=== Exercise ===
Quote exactly the lines running from the line with "this 2048×1536 image." to the end of the entries, including both, and nothing else.

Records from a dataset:

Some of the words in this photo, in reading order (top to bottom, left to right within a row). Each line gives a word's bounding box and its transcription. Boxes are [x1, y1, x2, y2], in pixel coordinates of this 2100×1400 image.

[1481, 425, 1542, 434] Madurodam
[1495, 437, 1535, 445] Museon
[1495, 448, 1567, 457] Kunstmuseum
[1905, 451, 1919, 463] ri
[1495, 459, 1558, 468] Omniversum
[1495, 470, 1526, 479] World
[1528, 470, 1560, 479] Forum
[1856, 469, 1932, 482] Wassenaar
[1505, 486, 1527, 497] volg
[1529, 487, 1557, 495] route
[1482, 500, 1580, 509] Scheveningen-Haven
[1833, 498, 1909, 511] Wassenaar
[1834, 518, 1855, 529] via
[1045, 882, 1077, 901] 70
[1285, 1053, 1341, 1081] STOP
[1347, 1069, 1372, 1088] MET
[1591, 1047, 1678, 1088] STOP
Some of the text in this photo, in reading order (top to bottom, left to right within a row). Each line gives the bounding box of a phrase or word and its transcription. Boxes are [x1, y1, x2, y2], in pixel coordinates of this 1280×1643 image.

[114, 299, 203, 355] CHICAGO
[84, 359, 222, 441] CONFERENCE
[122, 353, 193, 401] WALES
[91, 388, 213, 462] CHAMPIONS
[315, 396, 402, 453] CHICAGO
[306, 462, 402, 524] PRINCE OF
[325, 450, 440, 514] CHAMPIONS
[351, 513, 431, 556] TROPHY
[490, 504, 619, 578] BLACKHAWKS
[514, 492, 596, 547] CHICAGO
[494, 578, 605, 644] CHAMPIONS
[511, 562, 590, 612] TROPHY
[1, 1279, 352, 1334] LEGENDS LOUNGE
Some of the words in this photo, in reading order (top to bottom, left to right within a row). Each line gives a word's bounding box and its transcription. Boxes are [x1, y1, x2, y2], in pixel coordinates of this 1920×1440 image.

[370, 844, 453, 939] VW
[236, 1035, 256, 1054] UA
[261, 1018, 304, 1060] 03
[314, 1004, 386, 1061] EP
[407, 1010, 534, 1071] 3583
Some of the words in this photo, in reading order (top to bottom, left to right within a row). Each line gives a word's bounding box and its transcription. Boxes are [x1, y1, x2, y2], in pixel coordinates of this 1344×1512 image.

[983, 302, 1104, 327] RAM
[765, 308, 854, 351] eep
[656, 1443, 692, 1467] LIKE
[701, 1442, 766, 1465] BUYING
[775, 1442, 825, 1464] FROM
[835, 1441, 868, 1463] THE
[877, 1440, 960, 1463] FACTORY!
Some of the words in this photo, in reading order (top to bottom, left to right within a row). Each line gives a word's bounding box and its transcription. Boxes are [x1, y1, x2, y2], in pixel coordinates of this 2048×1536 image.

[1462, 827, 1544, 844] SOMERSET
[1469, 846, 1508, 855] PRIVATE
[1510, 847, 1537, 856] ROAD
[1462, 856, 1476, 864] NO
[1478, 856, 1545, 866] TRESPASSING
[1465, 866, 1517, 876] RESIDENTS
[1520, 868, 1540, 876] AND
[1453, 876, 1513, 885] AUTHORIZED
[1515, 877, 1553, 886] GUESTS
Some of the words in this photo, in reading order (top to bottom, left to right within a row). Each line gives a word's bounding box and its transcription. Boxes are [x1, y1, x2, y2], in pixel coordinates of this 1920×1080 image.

=== Reply ===
Some of the words in this photo, in reading order (top to bottom, left to right within a row). Each line gives a word's bounding box and its transcription. Boxes are [x1, y1, x2, y2], in pixel coordinates of this 2048×1536 image.

[1462, 827, 1544, 844] SOMERSET
[1469, 846, 1508, 855] PRIVATE
[1510, 847, 1537, 856] ROAD
[1462, 856, 1476, 864] NO
[1478, 856, 1545, 866] TRESPASSING
[1465, 866, 1517, 876] RESIDENTS
[1520, 868, 1540, 876] AND
[1453, 876, 1513, 885] AUTHORIZED
[1515, 877, 1553, 886] GUESTS
Some of the words in this photo, in reading order (top to bottom, left to right within a row). Each line gives a word's bounding box and its transcription. Boxes are [x1, y1, x2, y2], in pixel coordinates of this 1920×1080 image.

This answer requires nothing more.